17 March 2014
David and Goliath: the High Court battle looms - for mutual trust and confidence in employment contracts
In Australia there has been ongoing controversy as to whether there is implied in all employment contracts a term of mutual trust and confidence imposing behavioural obligations on employers.
The High Court of Australia will hear that controversy on 8 April 2014 with a decision likely by the end of this year.
The case before the High Court concerns an appeal from the landmark ruling of the Full Federal Court in Commonwealth Bank of Australia v Barker  FCAFC 83. The Full Federal Court found, by a 2:1 majority, that there is implied into employment contracts the term of mutual trust and confidence.
Workers will want the term; bosses will not – a David and Goliath battle?

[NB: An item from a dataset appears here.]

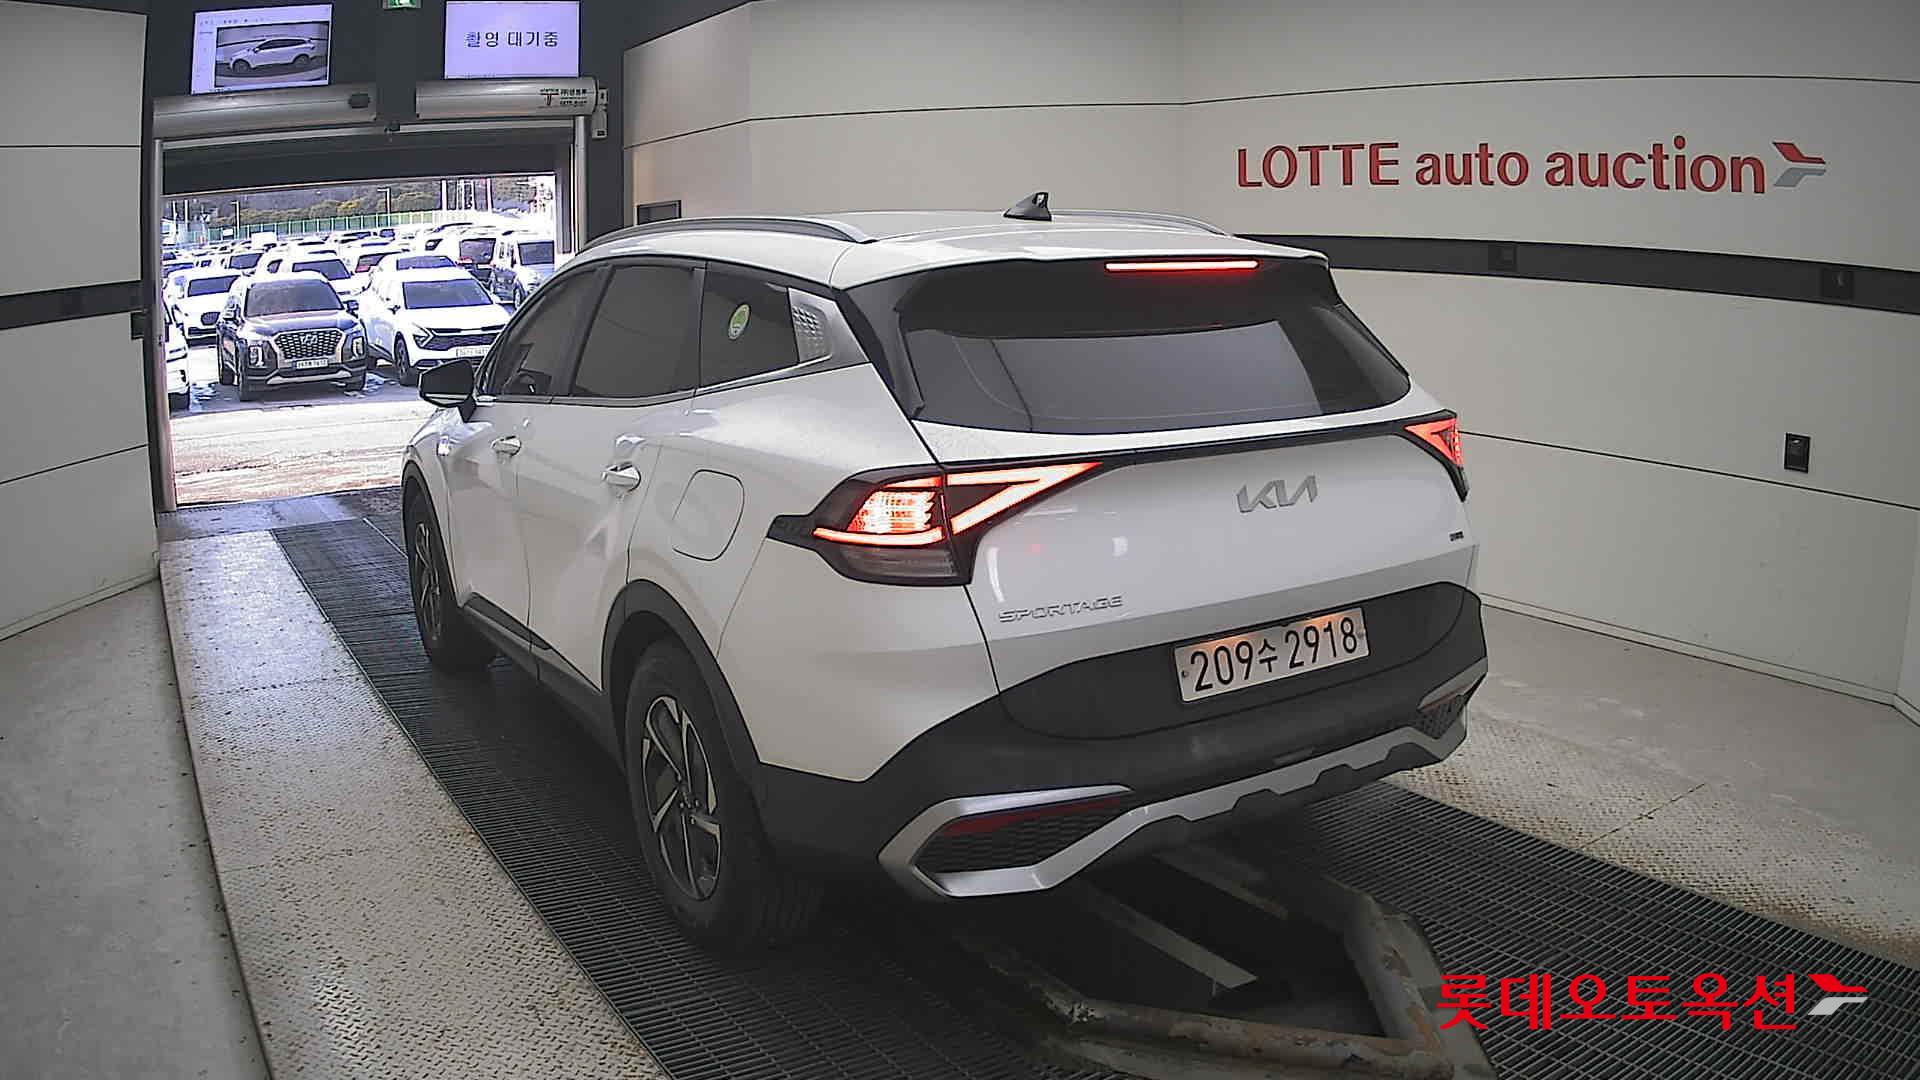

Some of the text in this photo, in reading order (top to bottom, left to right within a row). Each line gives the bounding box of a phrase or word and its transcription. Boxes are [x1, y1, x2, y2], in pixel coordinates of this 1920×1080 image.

In this bulletin, we look at Goliath’s armour and shield to defeat the existence of the implied term. We then contrast Goliath’s argument with the persuasion of David’s staff and sling. The purpose of this bulletin is to ask you: do you believe Australian courts should acknowledge the existence of the implied term?
The implied term
First, you need to know what is the implied term. The UK House of Lords in Malik v Bank of Credit and Commerce International SA (in liq)  AC 20 said the term was:
an employer must not, without reasonable and proper cause, conduct itself in a manner likely to destroy or seriously damage the relationship of confidence and trust between employer and employee.

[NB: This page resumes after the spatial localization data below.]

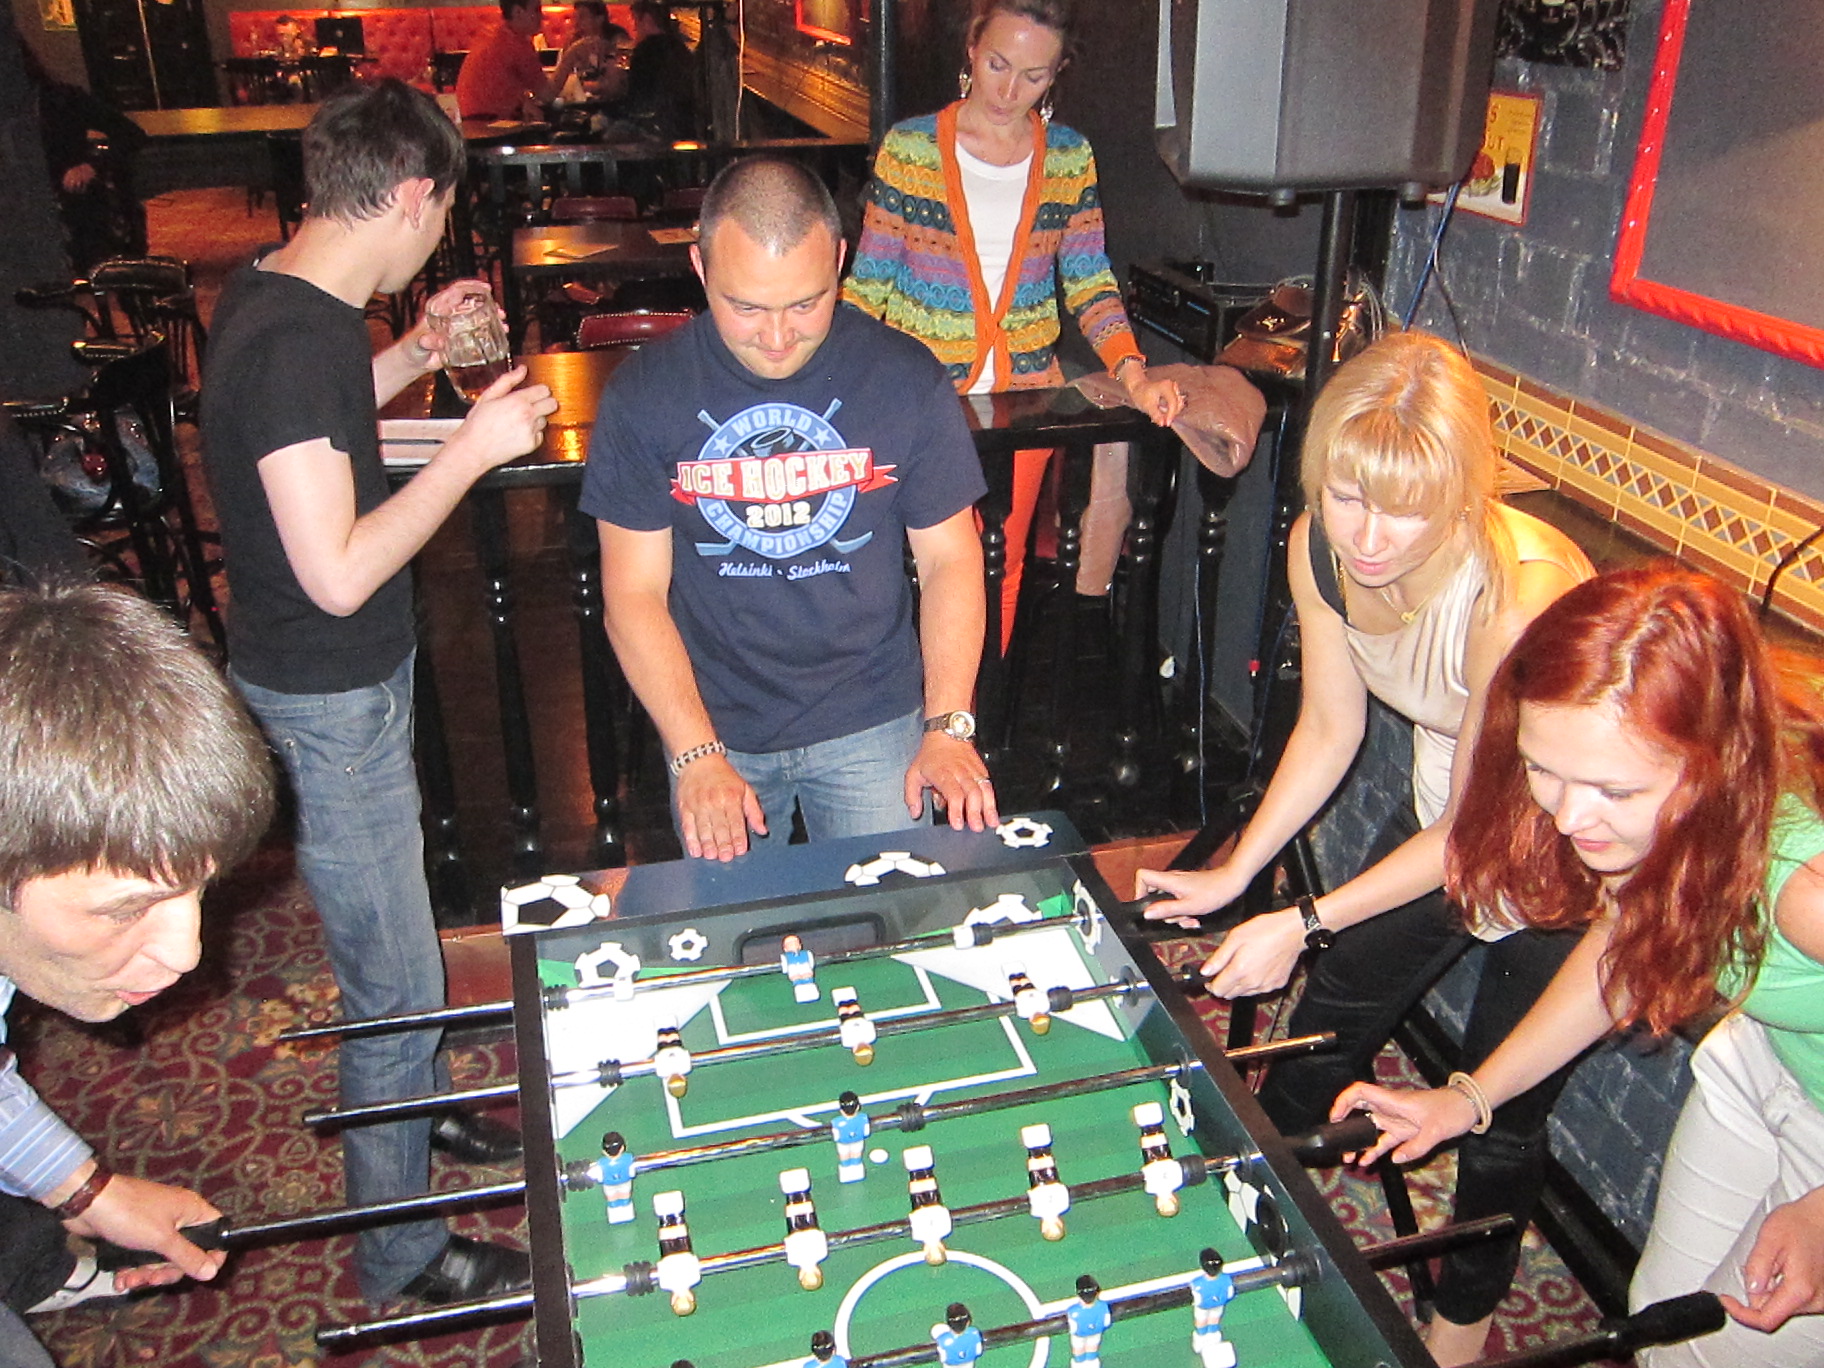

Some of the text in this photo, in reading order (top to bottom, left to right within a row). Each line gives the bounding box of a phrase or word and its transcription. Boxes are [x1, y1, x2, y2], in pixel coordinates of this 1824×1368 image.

[731, 408, 813, 438] WORLD
[681, 452, 869, 501] ICE HOCKEY
[706, 491, 849, 554] CHAMPIONSHIP
[745, 501, 811, 529] 2012
[718, 558, 851, 581] Helsinki Stockholm

It has been said the implied term creates a positive duty for an employer to act fairly in its treatment of employees. However, the implied term does not operate in respect of the act of dismissal itself but may apply to acts leading up to and separate from dismissal.
David and Goliath - the facts
Mr Barker's employment contract permitted termination at any time on four weeks’ notice. The contract also recognised the possibility of Mr Barker's position becoming redundant. The contract provided that where his position becomes redundant and the Bank is unable to place him in an alternative position, Mr Barker would be paid a redundancy package.
Mr Barker’s position was made redundant and he was asked to leave the Bank's premises immediately. His email and mobile communications were disconnected. As such, subsequent efforts to communicate with him about redeployment were thwarted and less than satisfactory. No alternative job was found and Mr Barker’s employment ended.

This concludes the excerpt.